More than 20 Village Administrators in N. Shan Quit to Protest Leader’s Arrest
By Lawi Weng 30 July 2019
Twenty-two village tract leaders in Kyaukme Township, northern Shan State have submitted their resignations after their village leader was detained by the Myanmar Army and charged under the Unlawful Association Act.
The 22 from Nang Hau Tawn submitted resignation letters to township authorities in Kyaukme on July 23, according to local sources. They reportedly fear they will be arrested on the same charge.
Sai Sai Tin Cho, who was the head of Nang Hau Tawn, has been jailed in Kyaukme town for over three months, since the Myanmar Army accused him of collecting taxes for two ethnic Shan rebel groups, the Restoration Council of Shan State (RCSS) and the Shan State Progress Party (SSPP).
Sai Nay Win Aung, one of the village tract leaders from Nang Hau Tawn, told The Irrawaddy on Tuesday, “The reason we submitted resignation letters to the township authority was that our leader was detained. We have no leader at the moment, as he is locked in jail.”
“Without him, we cannot rely on anyone. In the past, we could consult him when there was something that needed doing. We could be arrested at any time if we do something wrong. Therefore, we want to resign our positions,” he added.
Village leaders are not appointed by the Kyaukme administration. Rather, local people in the community elect them to serve as leaders and work for the community.
The community leaders must answer to both the Myanmar Army and Shan ethnic armed groups, as the rebels also have influence in the area. However, the Myanmar Army sometimes detains village authorities such as Sai Sai Tin Cho for collecting taxes for the rebels.
“We have three ethnic armed groups in our area. Whenever those rebels come to the village, we have to deal with them. We never know whether we will be arrested,” he said.
Officers from the Myanmar Army and the ethnic armed groups normally deal with village leaders. With the village leader in jail, Sai Nay Win Aung said, the soldiers and rebels seek out the village tract heads.
The army uses the Unlawful Association Act to put pressure on the village tract leaders. The law says it is illegal to communicate with ethnic rebels.

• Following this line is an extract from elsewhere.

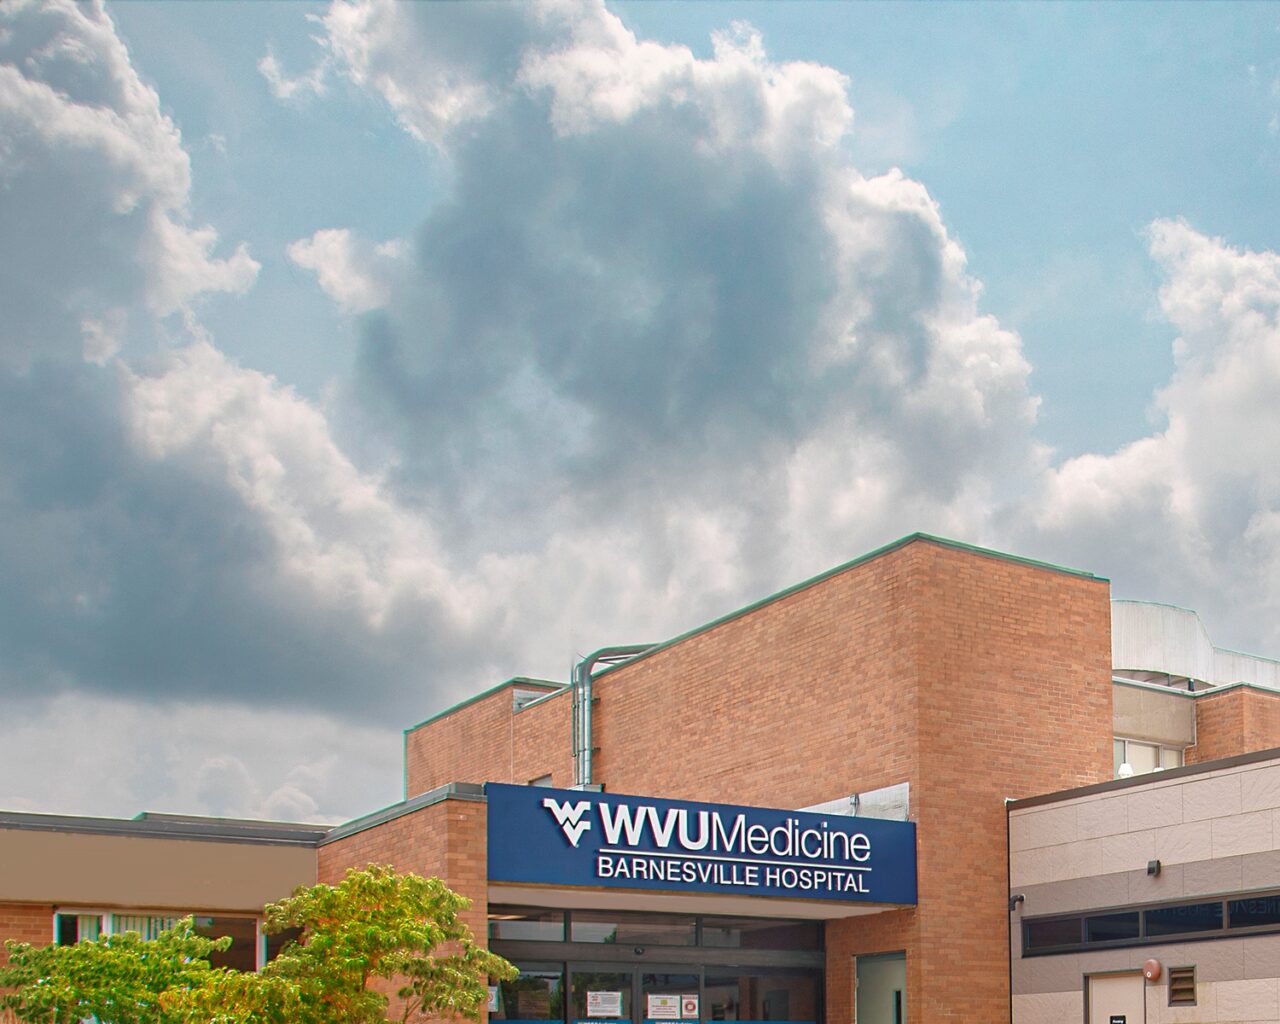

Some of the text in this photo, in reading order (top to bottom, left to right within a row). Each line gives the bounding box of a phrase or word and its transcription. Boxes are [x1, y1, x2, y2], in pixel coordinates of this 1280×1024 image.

[599, 802, 871, 862] WVUMedicine
[598, 856, 870, 893] BARNESVILLE HOSPITAL

In theory, a village tract leader just needs approval from the township authorities to resign. However, Sai Sai Tin Cho submitted his resignation as village head in 2016 and never received approval from the township, according to Sai Nay Win Aung.
Township authorities in Kyaukme have not been able to help Sai Sai Tin Cho since his arrest. His plight has left all the village tract leaders from Nang Hau Tawn feeling unsafe in their work, according to Sai Nay Win Aung.
“If they [the township authorities] don’t accept our proposal, they should come and do the work. We do not get paid by them,” Sai Nay Win Aung said.
The action by the village tract leaders was taken to protest the detention of their village leader, Sai Sai Tin Cho, according to Sai Tun Nyan, a state lawmaker from the Shan Nationalities League for Democracy (SNLD) representing Kyaukme Township.
“They are unhappy that their village leader was arrested, so the resignations are a form of protest,” he said.
In Kyaukme Township, eight persons have been charged in six separate cases involving the Unlawful Associations Act, he said.
He said SNLD party lawmakers discussed how they could amend the law to ease the pressure on civilian officials caught between the Myanmar Army and ethnic armed rebels. However, only the Union Parliament has the power to amend this law.
“It is a problem between the two armed groups,” he said, referring to the Myanmar Army and the ethnic armed rebels. “Civilians should be protected.”